Imagine, if you can, a drill sergeant barking out to green trainees, "when you're ambushed and they start shooting at you, a grin is gonna break across your face, and you're gonna get real happy."
You'd think he was crazy ... and he might be.
But essentially, that's the same thing James is saying in our passage. "Consider it pure joy, my brothers, whenever you face trials of many kinds..." (verse 2). Why should we have joy in our trials? To understand this, we need to understand the value of trials, the nature of trials, and our source of help in these trials. I'm going to consider these questions in a slightly different order than in our text, so bear with me.
The Value of Trials (James 1:2-4)
"2 Consider it pure joy, my brothers, whenever you face trials of many kinds, 3 because you know that the testing of your faith develops perseverance. 4 Perseverance must finish its work so that you may be mature and complete, not lacking anything." (James 1:2-4)
James says, "Consider it pure joy ... when you face trials ... because you know that the testing of your faith develops perseverance" (James 1:3). In other words, we should have joy in knowing that our trials are doing some good. They are building in us a "hang in there" attitude, one which will continue on and not give up.
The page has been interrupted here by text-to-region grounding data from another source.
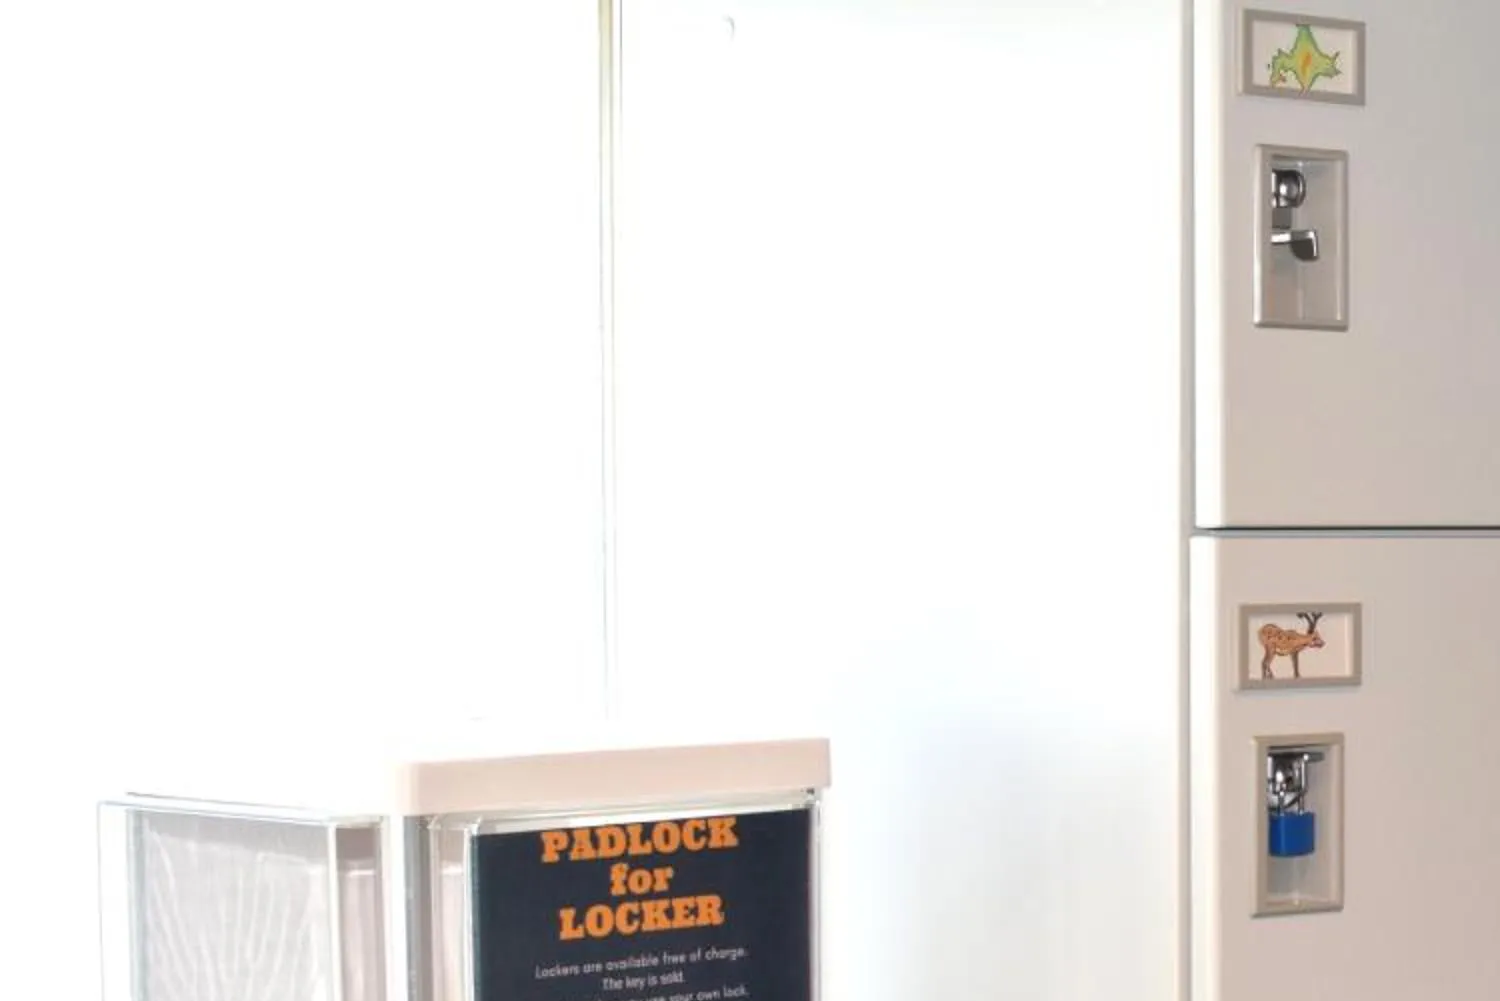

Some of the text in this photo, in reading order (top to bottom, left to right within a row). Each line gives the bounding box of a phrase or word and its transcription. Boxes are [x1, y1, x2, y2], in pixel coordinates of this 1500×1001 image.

[541, 816, 739, 863] PADLOCK
[610, 862, 674, 896] for
[559, 894, 725, 940] LOCKER
[535, 964, 580, 979] Lockers
[583, 962, 603, 974] are
[606, 954, 659, 971] available
[663, 951, 686, 966] free
[689, 948, 702, 963] of
[602, 976, 623, 991] The
[626, 974, 646, 991] key
[647, 973, 658, 987] is
[696, 990, 721, 1001] own
The word translated "trials" (NIV, NASB, ESV) or "temptations" (KJV) is the Greek word peirasmos, "test, trial." But the same word is also used for "temptation, enticement to sin,"4 thus causing a bit of confusion that James clears up in verse 13. James refers to trials "of many kinds." These may be adverse circumstances such as being hurt by a loved one, or bereavement, poverty, or oppression. Or these trials may be much more diabolical: actual temptation or overt seduction by Satan to sin, such as Jesus experienced (Matthew 4:1-11). As we've learned the hard way, trials and temptations come in all sorts of shapes and sizes. James tells us to let these be a stimulus to joy in our lives.
When we are brand new Christians, we have genuine faith, sure enough, but our faith is innocent, untried. As faith is tried, it deepens and matures, and is able to flourish in all sorts of circumstances. And as we know God's faithfulness in various places of testing, we develop the boldness of faith that only a tried and tested faith can possess.
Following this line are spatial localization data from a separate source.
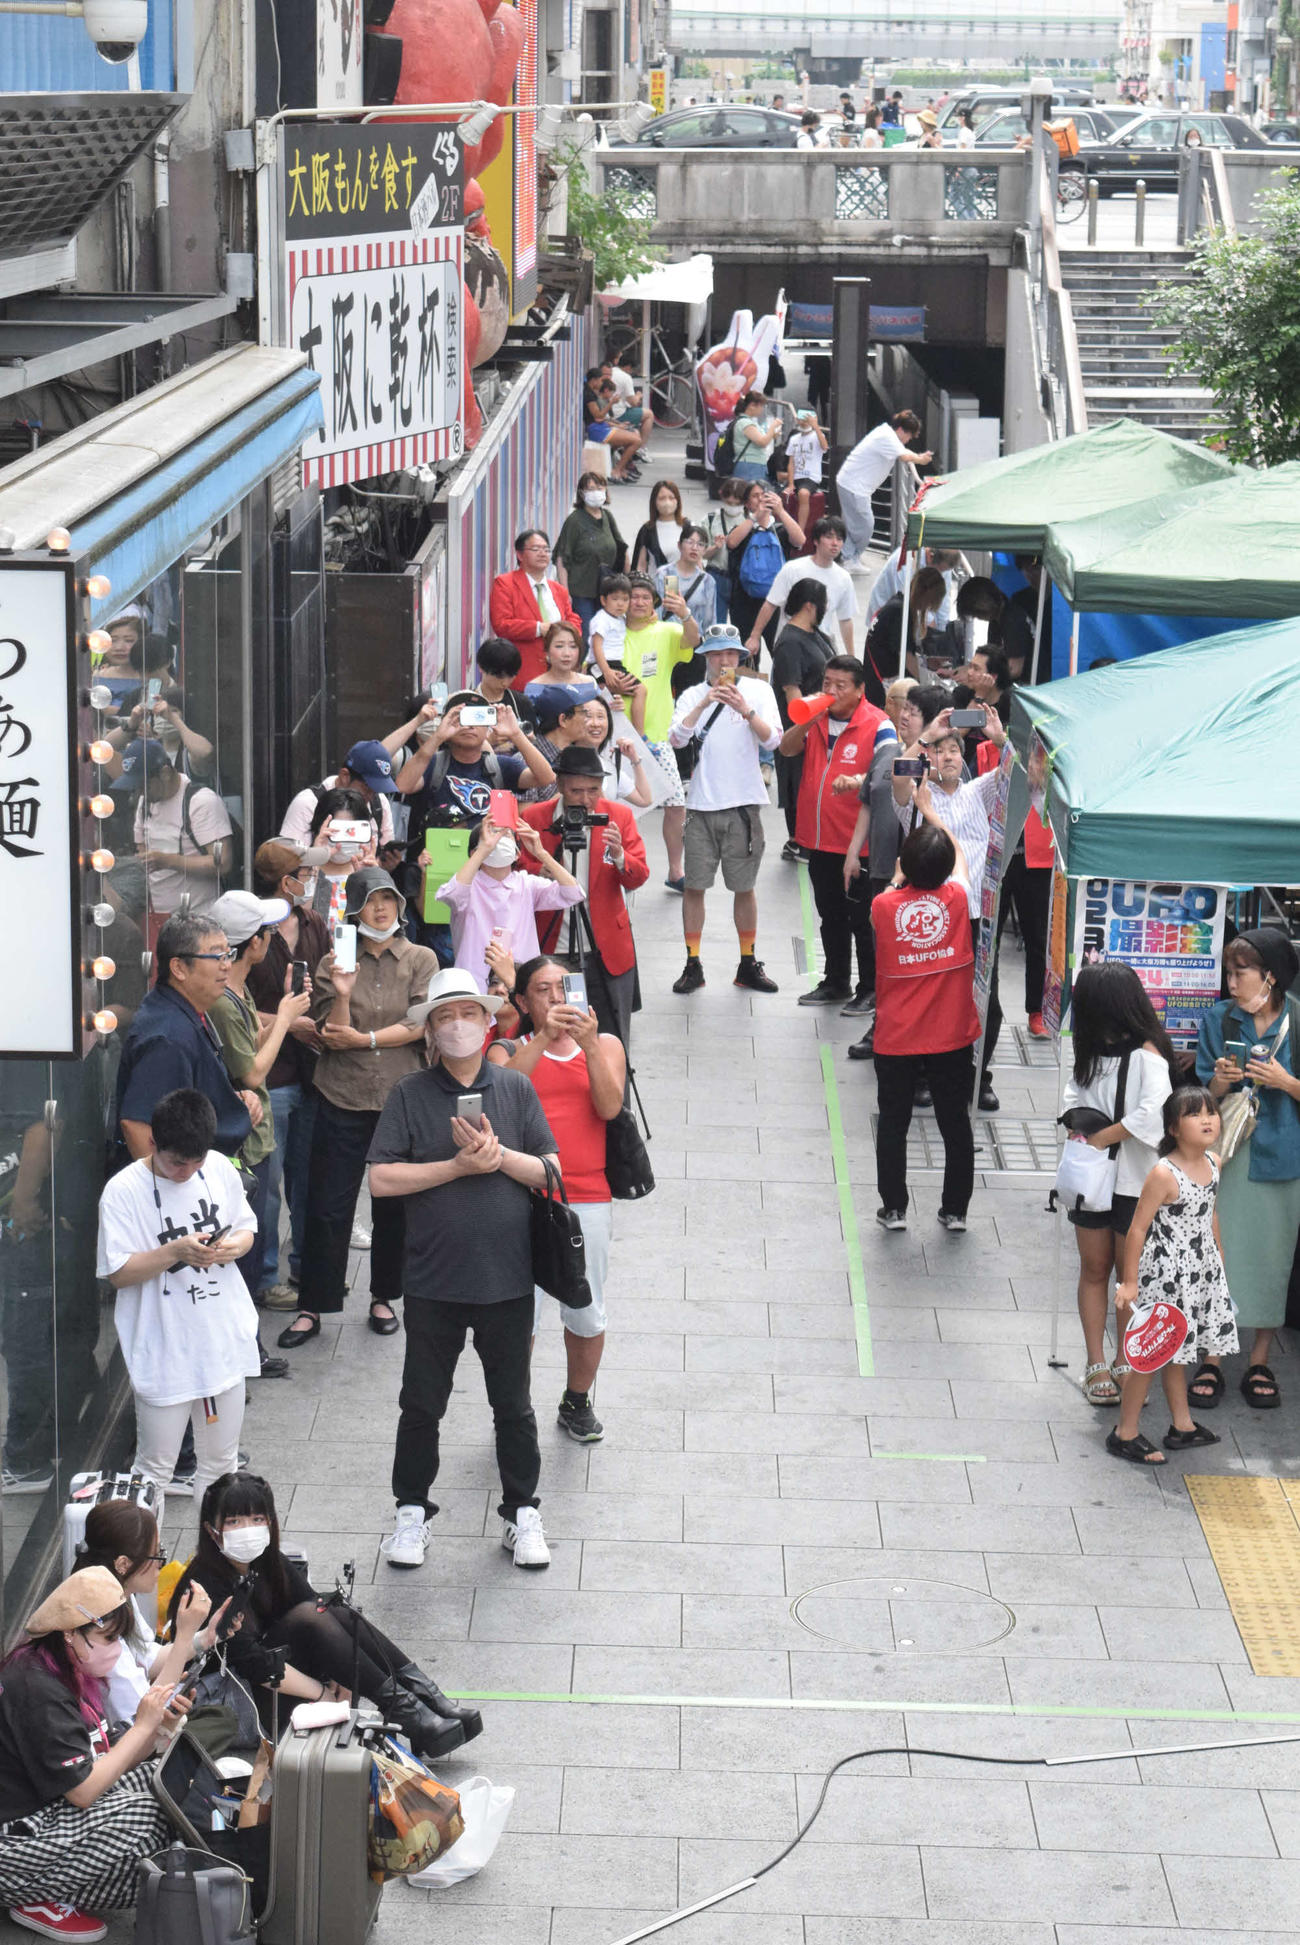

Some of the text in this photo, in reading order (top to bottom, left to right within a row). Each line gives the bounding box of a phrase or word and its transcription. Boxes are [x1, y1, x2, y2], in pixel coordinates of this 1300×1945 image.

[288, 142, 418, 217] 大阪もんを食す
[441, 185, 460, 222] 2F
[300, 272, 440, 443] 大阪に乾杯
[1112, 882, 1218, 920] UFO
[187, 1281, 220, 1305] たこ
Early in the twentieth century, when people volunteered to become members of the Communist Party in countries like the US or England, new recruits were given a stack of Daily Worker newspapers, and instructed to sell them on the street corner, and not return until the papers were sold. Imagine the kind of insults and abuse these green communists were subjected to. Those who continued as members of the Party did so with a commitment that had counted the cost. They were in it for the long haul. Count it all joy, says James, because trials create perseverance in you.
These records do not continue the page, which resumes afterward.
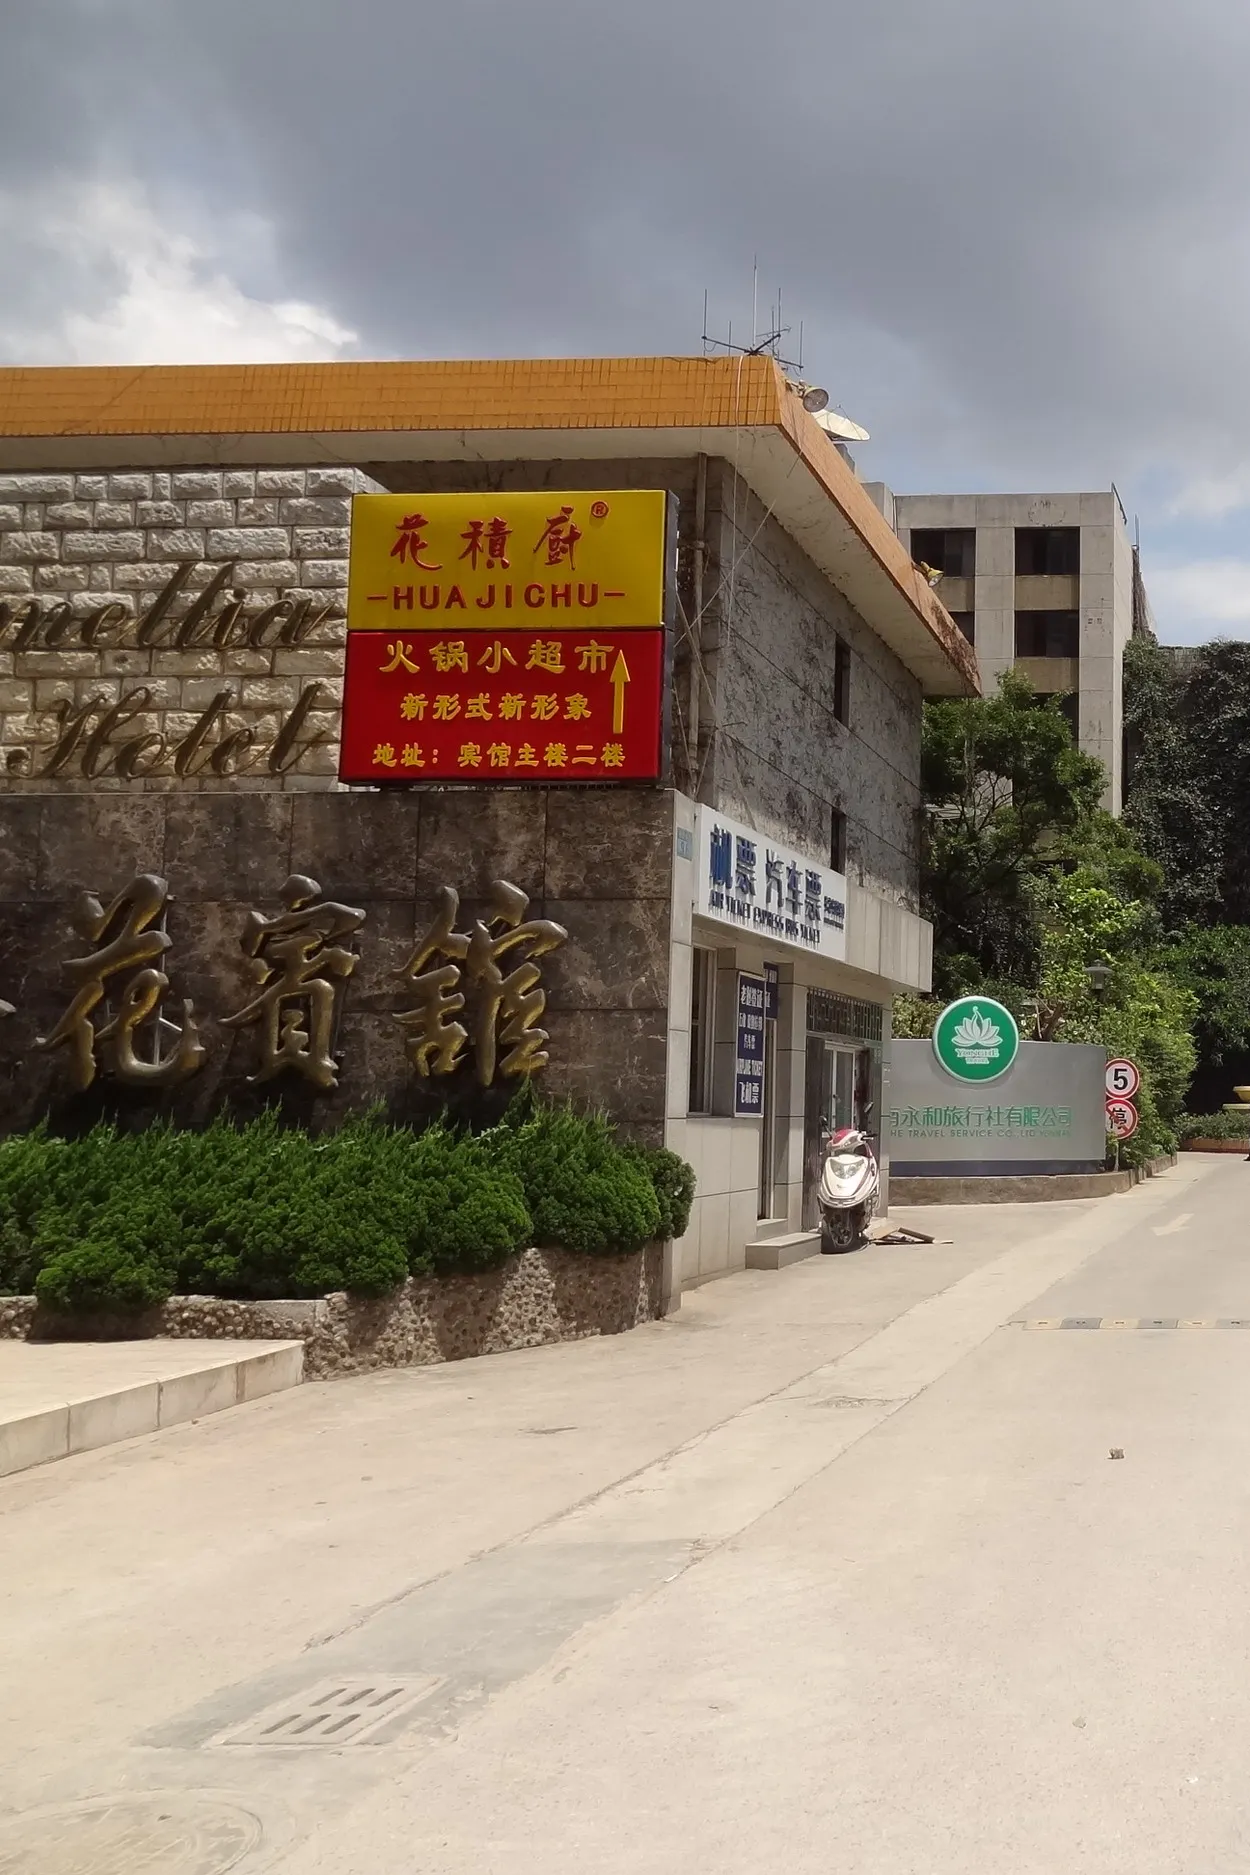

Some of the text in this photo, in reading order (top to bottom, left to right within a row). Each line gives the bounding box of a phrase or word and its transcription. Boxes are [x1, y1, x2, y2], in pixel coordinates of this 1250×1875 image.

[379, 639, 615, 673] 火锅小超市
[400, 692, 592, 721] 新形式新形象
[765, 848, 822, 922] 汽车票
[1113, 1068, 1128, 1091] 5
[908, 1129, 945, 1138] TRAVEL
[950, 1129, 993, 1138] SERVICE
The Effect of Perseverance (James 1:4)
The word variously translated "perseverance" (NIV), "steadfastness" (ESV), "endurance" (NRSV, NASB), and "patience" (KJV) is the Greek word hypomonē, "the capacity to hold out or bear up in the face of difficulty, patience, endurance, fortitude, steadfastness, perseverance."5 The verb means "to remain behind, stand one's ground, survive, remain steadfast, persevere and also to wait."6 Trials and temptations build a maturity and completeness in us.
"Perseverance must finish its work so that you may be mature and complete, not lacking anything." (James 1:4)
"Mature" (NIV, NRSV), "perfect" (ESV, KJV) translate a word meaning "having attained the end or purpose, complete, perfect." When used of people, it means "pertaining to being mature, full-grown, mature, adult" or "'perfect, fully developed' in a moral sense."7 The accompanying word, translated "complete" (NIV, ESV, NRSV), "entire" (KJV), is a qualitative term: "pertaining to being complete and meeting all expectations, with integrity, whole, complete, undamaged, intact, blameless."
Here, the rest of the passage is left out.